* **Goal of the exercise**
Each entry below must be written out exactly, with pictures left out.

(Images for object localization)
····················

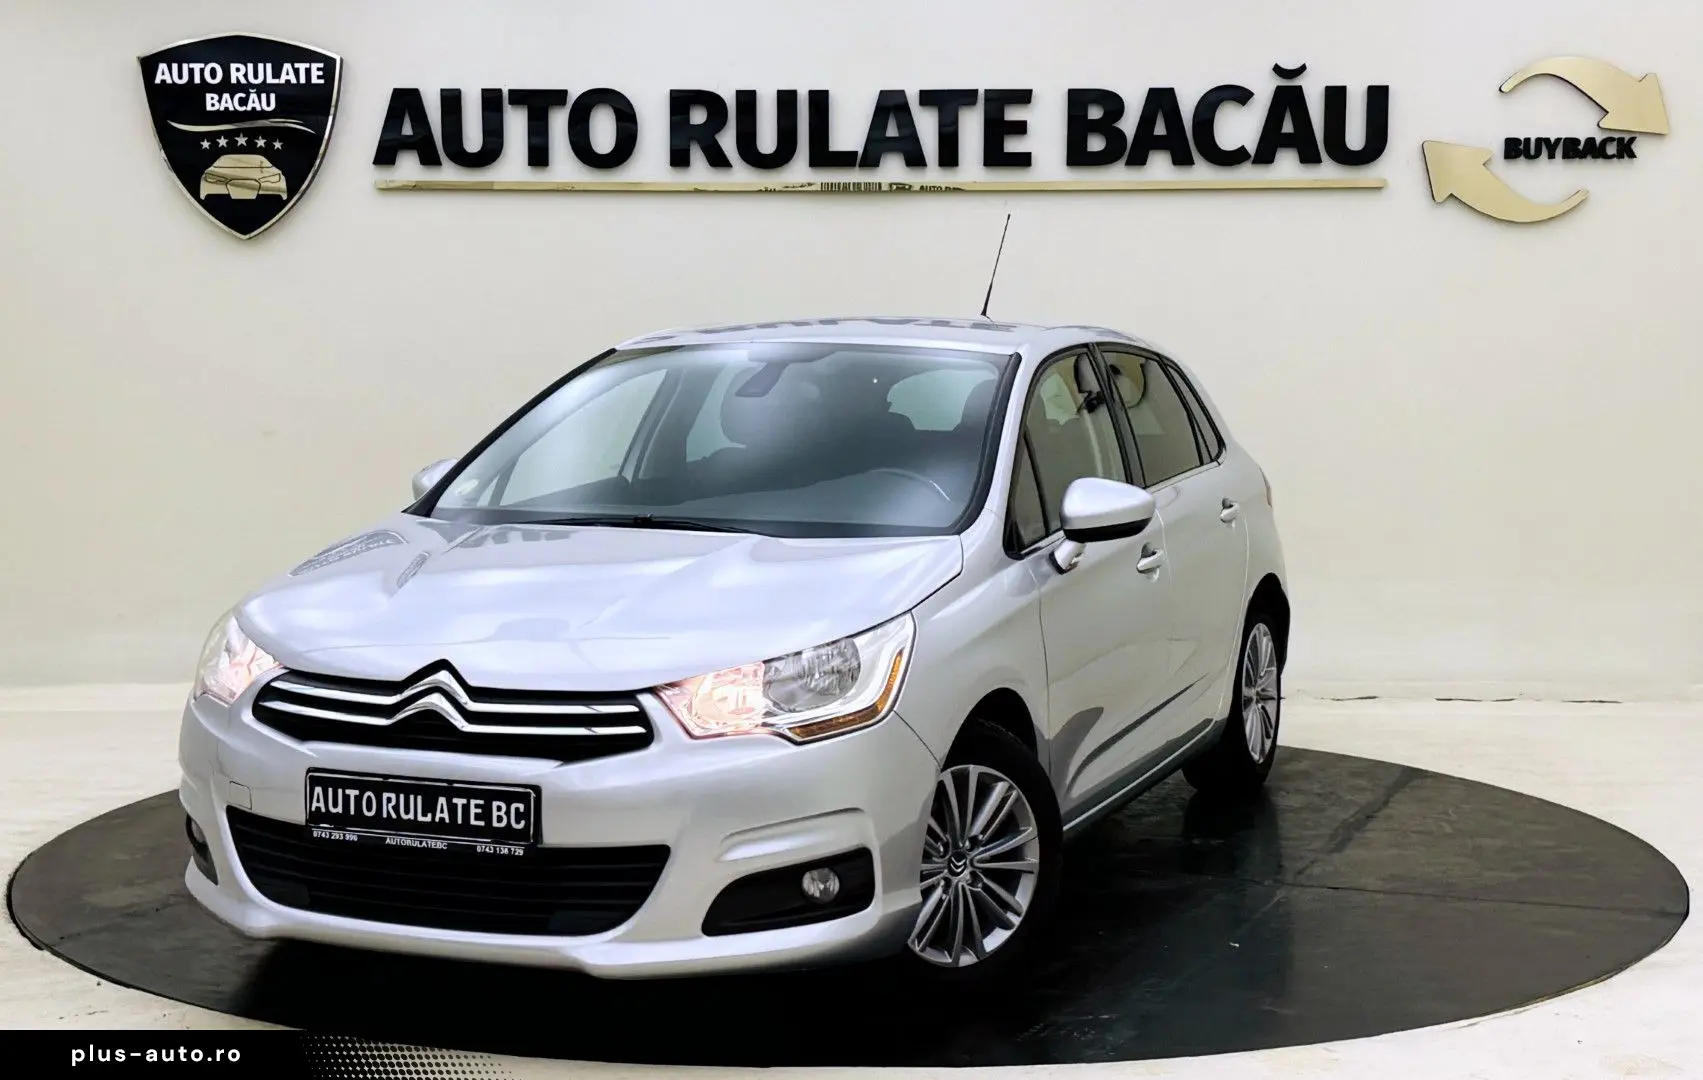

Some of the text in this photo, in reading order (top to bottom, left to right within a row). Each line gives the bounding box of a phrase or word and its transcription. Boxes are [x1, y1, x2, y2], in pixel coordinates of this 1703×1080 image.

[154, 63, 325, 84] AUTO RULATE
[205, 89, 276, 111] BACĂU
[373, 63, 1390, 170] AUTO RULATE BACĂU
[1503, 136, 1637, 160] BUYBACK
[311, 786, 525, 830] AUTO RULATE BC
[313, 830, 330, 838] 0743

····················

* **Result of this exercise**
Some of the text in this photo, in reading order (top to bottom, left to right within a row). Each line gives the bounding box of a phrase or word and its transcription. Boxes are [x1, y1, x2, y2], in pixel coordinates of this 1703×1080 image.

[154, 63, 325, 84] AUTO RULATE
[205, 89, 276, 111] BACĂU
[373, 63, 1390, 170] AUTO RULATE BACĂU
[1503, 136, 1637, 160] BUYBACK
[311, 786, 525, 830] AUTO RULATE BC
[313, 830, 330, 838] 0743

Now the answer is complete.